──────── Material provided ────────
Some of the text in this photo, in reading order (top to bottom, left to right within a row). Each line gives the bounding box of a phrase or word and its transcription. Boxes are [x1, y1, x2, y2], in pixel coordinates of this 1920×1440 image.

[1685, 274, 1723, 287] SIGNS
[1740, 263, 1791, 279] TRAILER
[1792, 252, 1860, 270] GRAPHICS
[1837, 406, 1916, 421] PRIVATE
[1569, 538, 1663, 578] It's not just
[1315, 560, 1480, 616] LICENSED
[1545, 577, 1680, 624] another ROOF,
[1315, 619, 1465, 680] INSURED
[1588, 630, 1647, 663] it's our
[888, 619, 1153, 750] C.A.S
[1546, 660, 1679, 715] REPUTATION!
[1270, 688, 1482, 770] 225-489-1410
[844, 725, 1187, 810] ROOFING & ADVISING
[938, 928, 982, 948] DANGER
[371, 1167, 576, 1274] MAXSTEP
────────
Exercise instructions: Type out the whole of the data again, exactly as shown.

Written response:
Some of the text in this photo, in reading order (top to bottom, left to right within a row). Each line gives the bounding box of a phrase or word and its transcription. Boxes are [x1, y1, x2, y2], in pixel coordinates of this 1920×1440 image.

[1685, 274, 1723, 287] SIGNS
[1740, 263, 1791, 279] TRAILER
[1792, 252, 1860, 270] GRAPHICS
[1837, 406, 1916, 421] PRIVATE
[1569, 538, 1663, 578] It's not just
[1315, 560, 1480, 616] LICENSED
[1545, 577, 1680, 624] another ROOF,
[1315, 619, 1465, 680] INSURED
[1588, 630, 1647, 663] it's our
[888, 619, 1153, 750] C.A.S
[1546, 660, 1679, 715] REPUTATION!
[1270, 688, 1482, 770] 225-489-1410
[844, 725, 1187, 810] ROOFING & ADVISING
[938, 928, 982, 948] DANGER
[371, 1167, 576, 1274] MAXSTEP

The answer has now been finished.